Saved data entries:
────

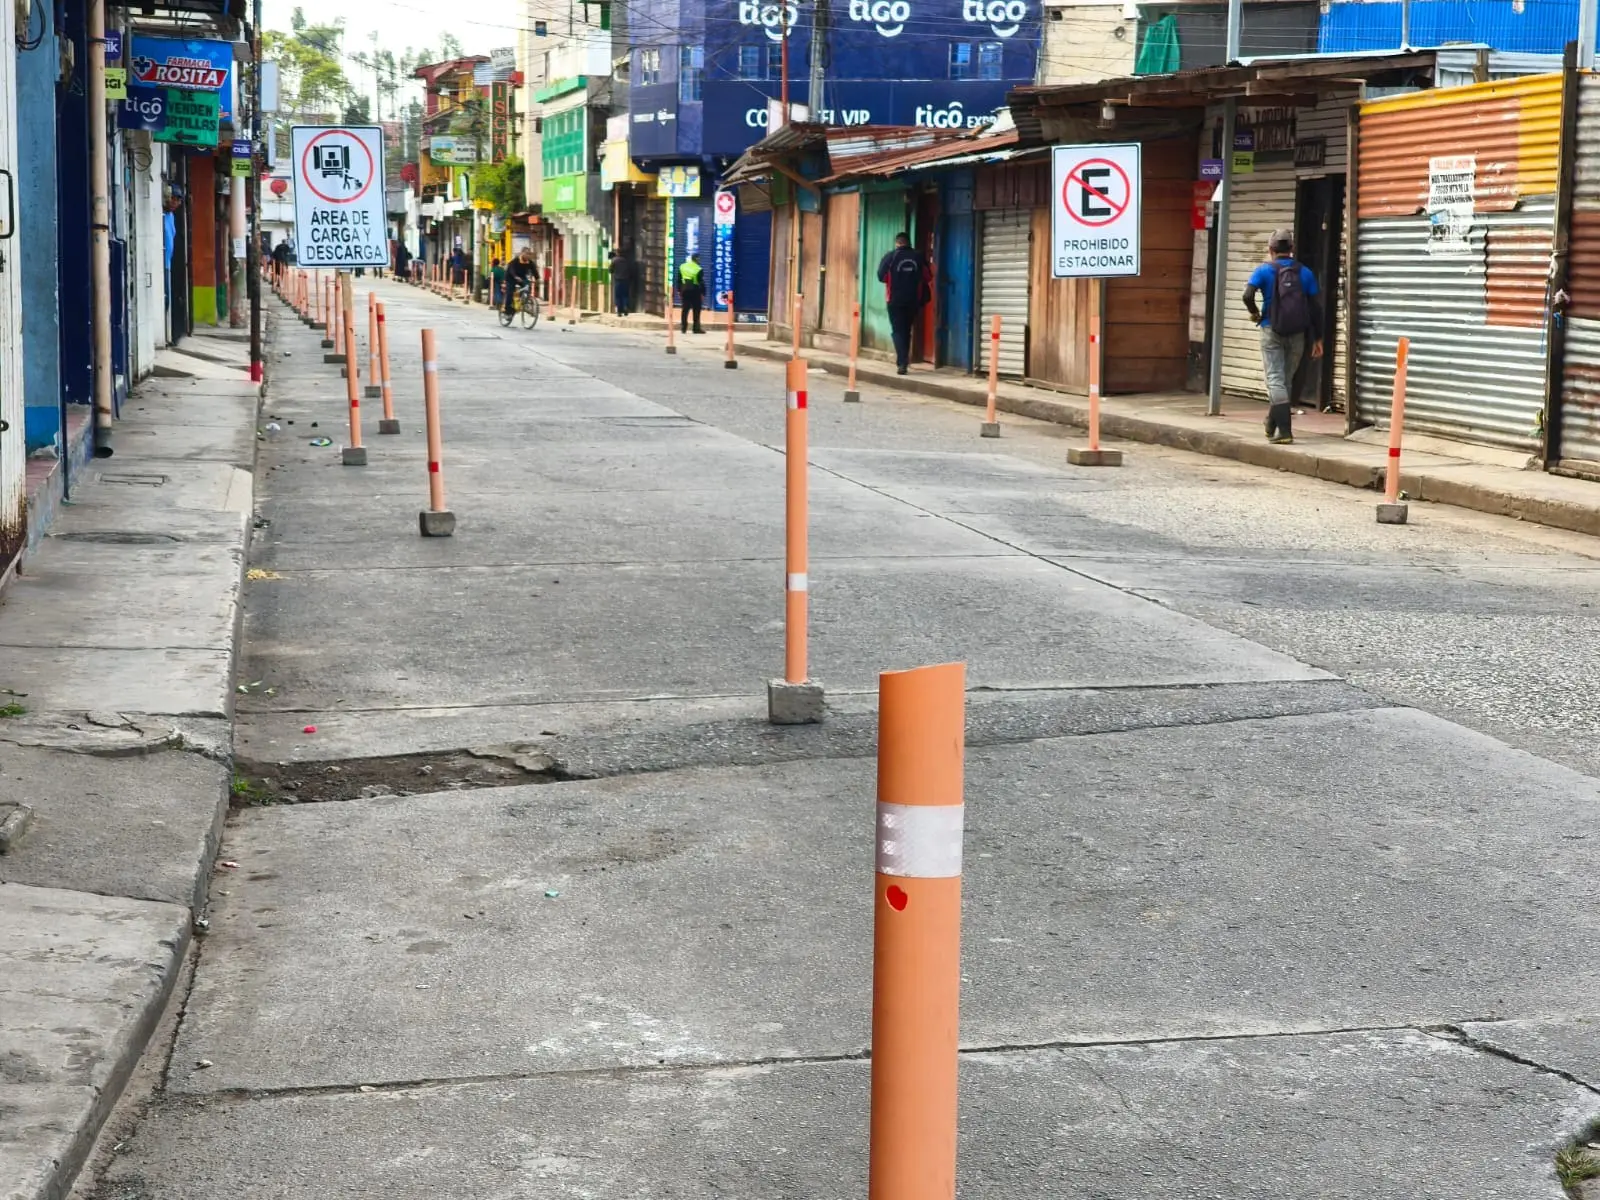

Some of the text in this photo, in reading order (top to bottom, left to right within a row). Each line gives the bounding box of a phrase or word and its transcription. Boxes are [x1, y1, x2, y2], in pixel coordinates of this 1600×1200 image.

[166, 57, 211, 69] FARMACIA
[155, 66, 219, 86] ROSITA
[180, 90, 195, 102] SE
[168, 102, 213, 117] VENDEN
[841, 109, 870, 126] VIP
[1082, 168, 1111, 216] E
[311, 206, 370, 225] ÁREA DE
[311, 228, 372, 243] CARGA Y
[1063, 238, 1129, 251] PROHIBIDO
[306, 245, 383, 260] DESCARGA
[1058, 255, 1134, 268] ESTACIONAR
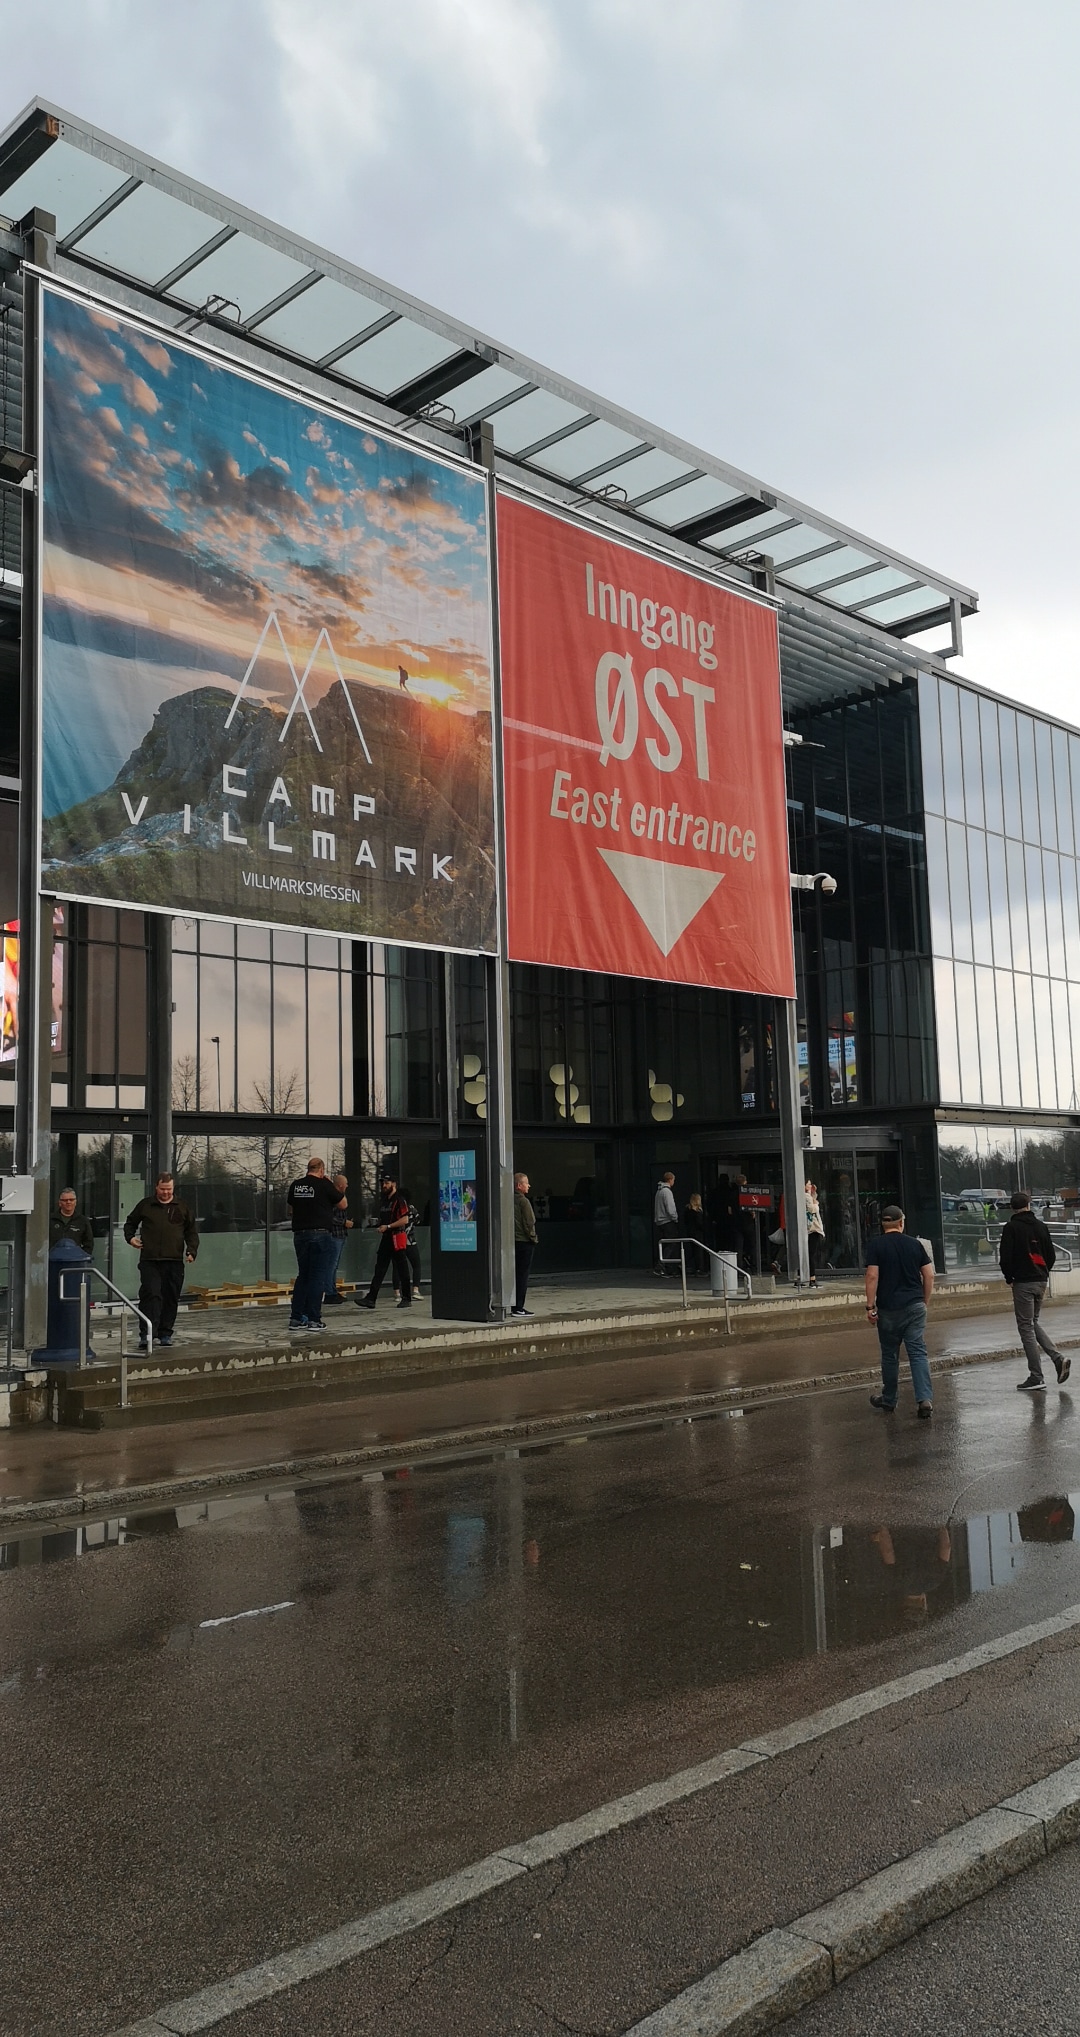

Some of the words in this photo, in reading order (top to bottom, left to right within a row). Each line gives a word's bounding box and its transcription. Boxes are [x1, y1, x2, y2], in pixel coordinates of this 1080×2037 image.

────

REQUIREMENT
Exactly as written, give the entries above again, with no images.

TASK RESPONSE
Some of the text in this photo, in reading order (top to bottom, left to right within a row). Each line gives the bounding box of a phrase or word and its transcription. Boxes are [x1, y1, x2, y2], in pixel coordinates of this 1600×1200 image.

[166, 57, 211, 69] FARMACIA
[155, 66, 219, 86] ROSITA
[180, 90, 195, 102] SE
[168, 102, 213, 117] VENDEN
[841, 109, 870, 126] VIP
[1082, 168, 1111, 216] E
[311, 206, 370, 225] ÁREA DE
[311, 228, 372, 243] CARGA Y
[1063, 238, 1129, 251] PROHIBIDO
[306, 245, 383, 260] DESCARGA
[1058, 255, 1134, 268] ESTACIONAR

Some of the words in this photo, in reading order (top to bottom, left to right within a row). Each line gives a word's bounding box and its transcription. Boxes are [x1, y1, x2, y2], in pixel coordinates of this 1080×2037 image.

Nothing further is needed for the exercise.